Storage stability of nanoemulsions

The stability of the product is essential for nanoemulsion-based delivery systems in most practical applications. Temperature, pH, storage time, processing method, and ionic strength can influence the stability of emulsions20. Storage temperature and time are main factors influencing the stability of emulsions. The effects of different storage temperatures and storage times on nanoemulsion stability is shown in Table 5, When the storage temperature increased, the particle size increased, and the β-carotene retention and ζ-potential rate decreased with both storage temperature and time. The average particle size of the emulsion was maintained at 100–500 nm of nanodroplets, and the ζ-potential of the nanoemulsion was reduced to 35–30 mV during storage. The rate of liquid phase separation of nanoemulsions during storage also depends on the frequency of contact collisions between droplets, because Brownian motion increases as temperature storage increases. The droplet collision frequency affected the mass transfer kinetics of surfactant and oil molecules between the water and oil phases, resulting in an increase of particle size45. The ζ-potential value was an important indicator for the stability of the nanoemulsions. After storage at 4 °C, 25 °C, and 55 °C for 30 days, the absolute ζ-potential values of emulsions gradually decreased to 31.5, 30.1, and 29.6, respectively. This may be due to the aging of austenite and the change in protein conformation over time, leading to the formation of hydrophobic bonds and hydrogen bonds between adjacent proteins at the interface46. Nanoemulsions had a lower electrostatic interaction while they were stored at high temperatures or during long-term storage, which caused the conformational change of the biopolymer of the surfactant molecules47,48,49.The stability nanoemulsion is related to the storage environment(time, temperature). The nanoemulsions gradually oxidized during storage, and the degree of oxidation increased with the increase in storage time and temperature. Lipid oxidation might change the interfacial composition of the nanoemulsion, and cause the emulsifier to rearrange and desorb at the interface and reduce the stability of the emulsion system. Eventually, the nanoemulsions gradually broke up, which caused β-carotene to be released from the nanoemulsions.

Table 5 Storage stability of nanoemulsion.

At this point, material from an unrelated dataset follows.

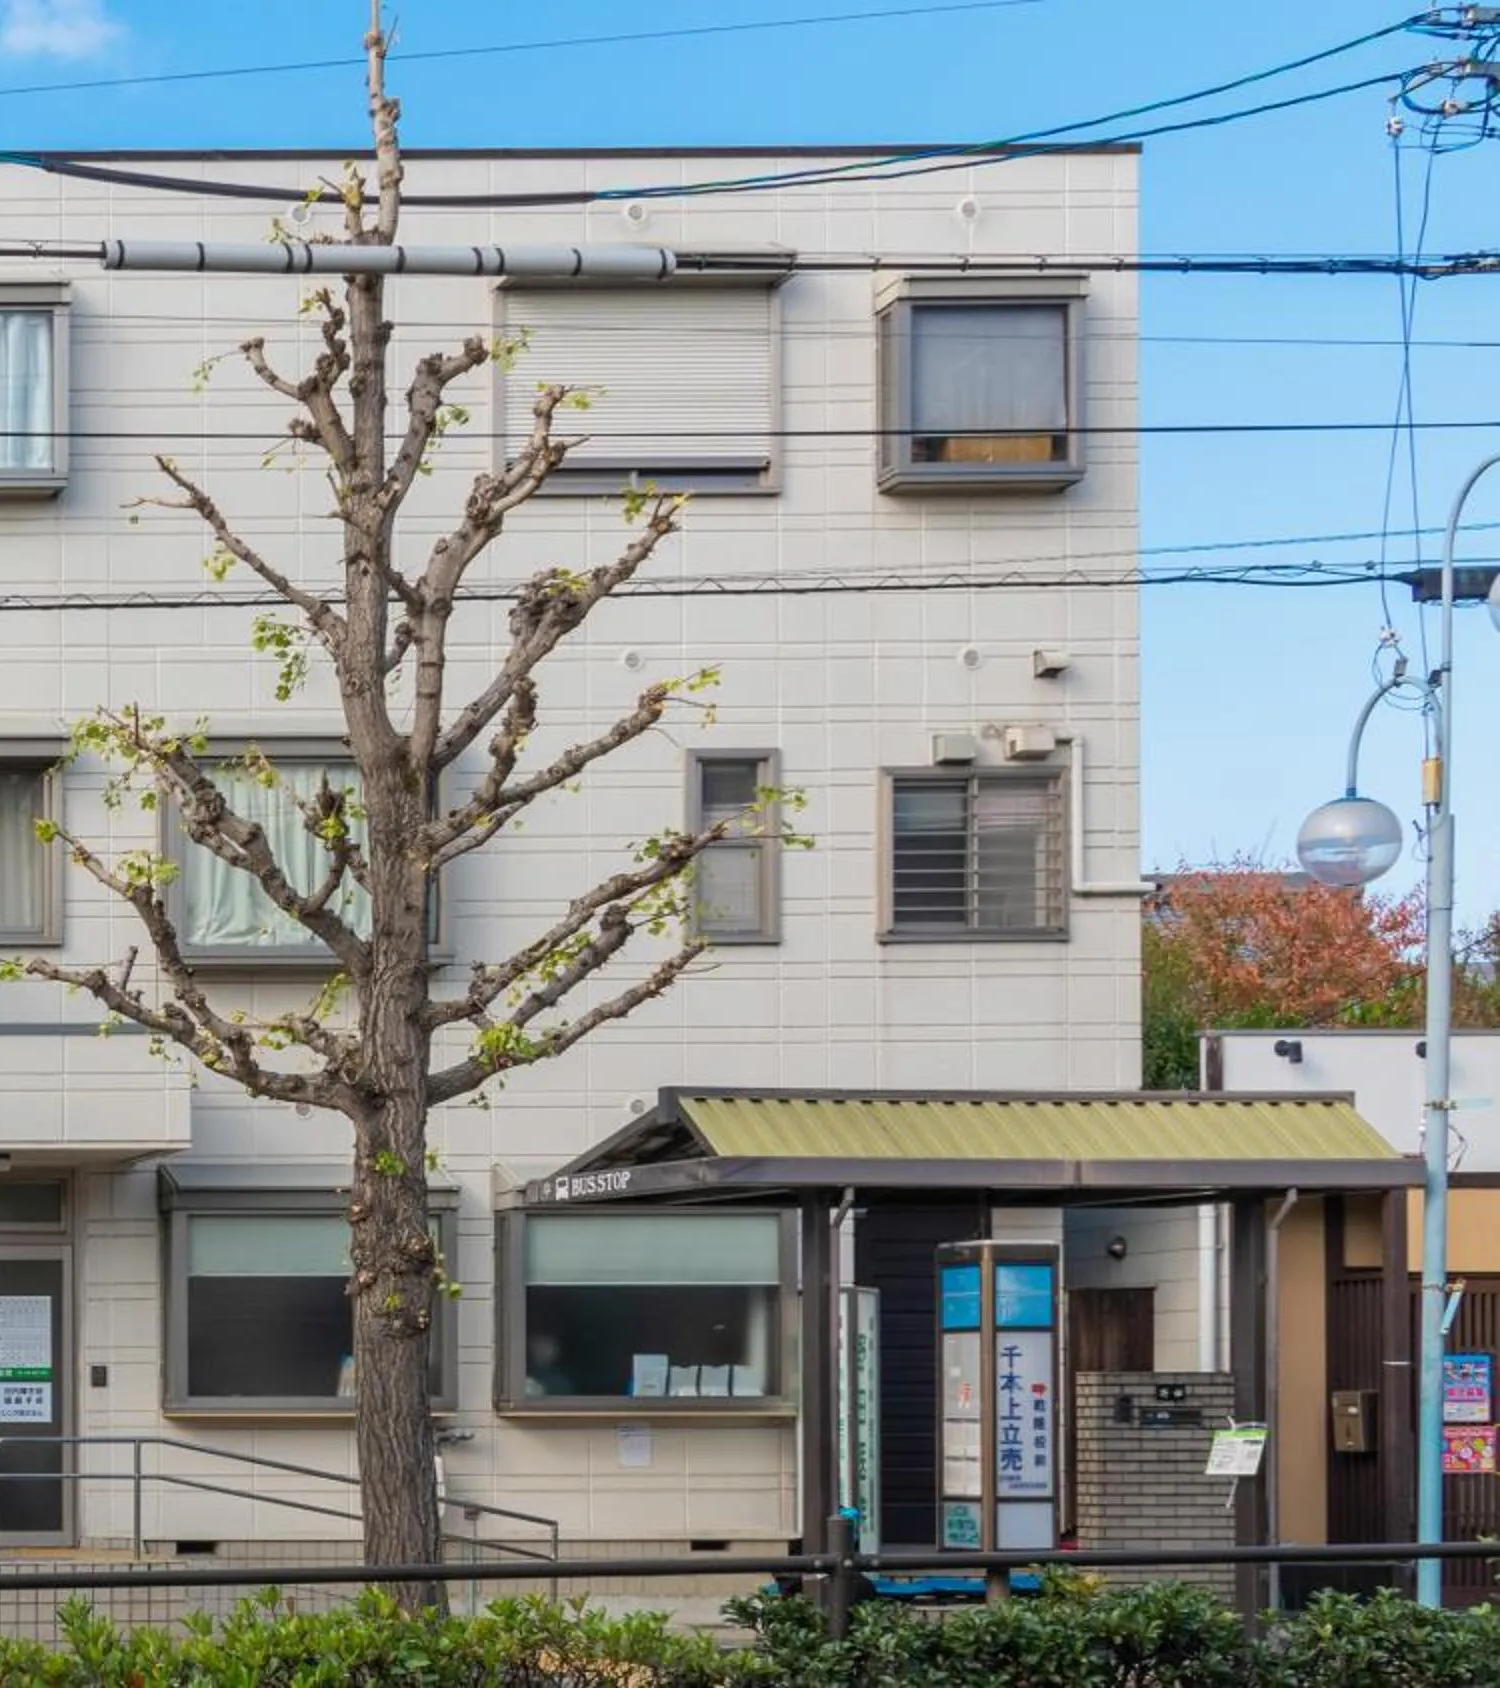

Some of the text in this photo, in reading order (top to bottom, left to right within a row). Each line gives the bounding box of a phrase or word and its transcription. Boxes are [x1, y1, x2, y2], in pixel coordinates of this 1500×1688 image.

Although the retention rate of β-carotene in the emulsion gradually decreased, 86% of β-carotene was remained even storaging for a long time at a higher storage temperature (Table 5), exhibiting excellent resistance to droplet coalescence during storage. This may be due to the antioxidant activities of SPI and PC. Borba et al.50 demonstrated that Tween 20 β-carotene nanoemulsions prepared by a high-pressure homogenizer had a retention rate of 70–80% during storage, and an increased ability to encapsulate β-carotene as compared to conventional emulsions. Early studies have found that protein emulsifiers inhibit lipid oxidation better than small-molecule surfactants51,52. This provides a method to increase the potential use of carotenoids in the food industry, including applications of β-carotene.

Conclusions

In this research, the SPI-PC complex was used as the aqueous phase and sunflower oil was used as the oil phase, and the β-carotene nanoemulsion was prepared using ultrasonic technology. The results show that when SPI is 1.5%, PC is 0.22%, ultrasonic power is 500 W, ultrasonic time is 9 min, nanoemulsion has the best stability. 3D Raman imaging shows that ultrasonic treatment can make SPI and PC evenly distributed on the water–oil interface of nanoemulsion droplets. During storage, the ζ-potential and β-carotene retention rate were higher than 30 mV and 86%, respectively. The optimal preparation process provides a method and theoretical basis for the ultrasonic preparation of nanoemulsions, and may lead to further food design, including the design of β-carotene.